Zacznijmy pesymistycznie, jego przygoda z APOEL-em po zdobyciu pierwszej (i ostatniej) bramki dla Cypryjczyków wyglądała tak:
W rundzie mistrzowskiej dostał już tylko 51 minut w 10 meczach.
To jest pewien powód do niepokoju, bo w końcu mówimy o lidze, w której świetnie odnajduje się Arkadiusz Piech, napastnik, który raczej nie wygryzie Arka Milika z reprezentacji Polski. Z drugiej strony – Wisła Płock jest w dolnej połowie tabeli, gdyby dzielić ligę teraz – byłaby w grupie spadkowej. Nawet konstruując kontrakt z Piątkowskim, dodając możliwość przedłużenia w wypadku utrzymania w Ekstraklasie, pokazuje swoje cele na ten sezon. Wśród drużyn walczących o ligowy byt, napastnik, który wyjeżdżał z ligi po sieknięciu trzynastu goli w pół roku nie jest raczej codziennością. Tu atakuje się Pitrymi, Przybyłami czy Śpiączkami, czyli zasadniczo – tym, co jest pod ręką.

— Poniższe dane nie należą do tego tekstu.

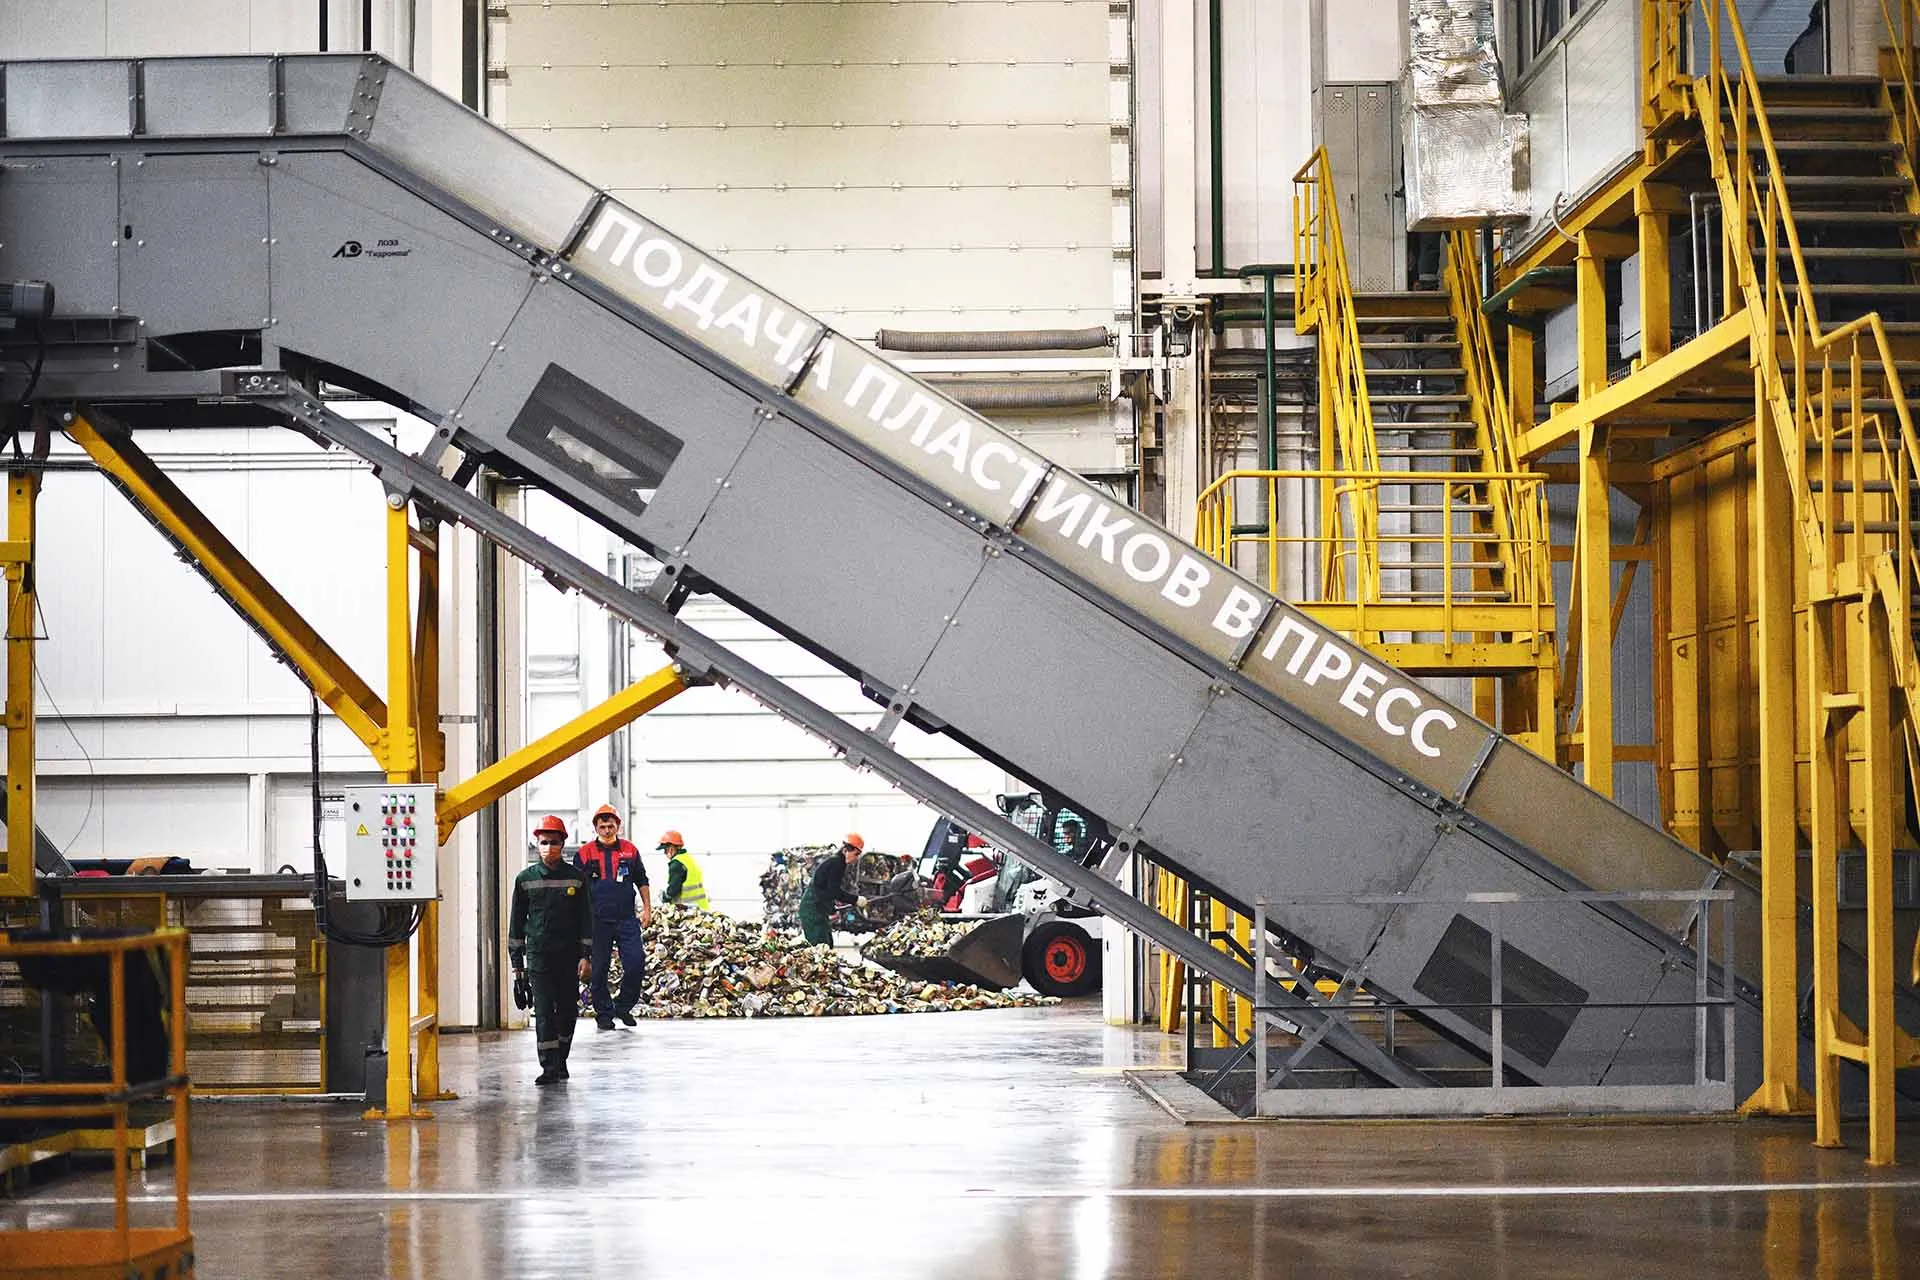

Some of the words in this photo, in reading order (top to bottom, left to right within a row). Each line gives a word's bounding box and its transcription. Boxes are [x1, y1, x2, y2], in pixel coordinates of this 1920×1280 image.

[585, 206, 835, 391] ПОДАЧА
[844, 366, 1211, 608] ПЛАСТИКОВ
[1211, 584, 1262, 639] В
[1262, 615, 1457, 757] ПРЕСС

Piątkowski, jeden z tych, dzięki którym Probierz zyskał opinię futbolowego Gepetto strugającego przyzwoitych piłkarzy z drewna, wydaje się odpowiedni na takie granie. Szczególnie, że za plecami ma choćby Merebaszwiliego, Furmana, a może i Jose Kante, jeśli trener Kaczmarek zdecyduje się cofnąć Hiszpana. Z taką kapelą wcale nie powinno być o gole dużo trudniej, niż za czasów gry z Dzalamidze i Tuszyńskim.

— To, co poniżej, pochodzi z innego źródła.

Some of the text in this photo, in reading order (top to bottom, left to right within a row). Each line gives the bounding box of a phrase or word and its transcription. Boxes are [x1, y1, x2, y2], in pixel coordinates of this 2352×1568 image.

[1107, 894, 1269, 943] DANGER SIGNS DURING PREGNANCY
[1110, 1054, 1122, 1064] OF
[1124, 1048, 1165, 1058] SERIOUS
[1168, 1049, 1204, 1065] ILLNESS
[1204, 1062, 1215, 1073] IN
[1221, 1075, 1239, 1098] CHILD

Wisła Płock skorzysta nawet, jeśli Piątkowski miałby być tylko rezerwowym zastępującym Jose Kante. Piątkowski dostaje zaś szansę pokazania się w zespole, który jesienią kilka razy pokazywał się z bardzo korzystnej strony, by wymienić choćby oba mecze z Legią Warszawa. Sytuacja typu win-win Na tym dealu skorzystać mogą wszyscy.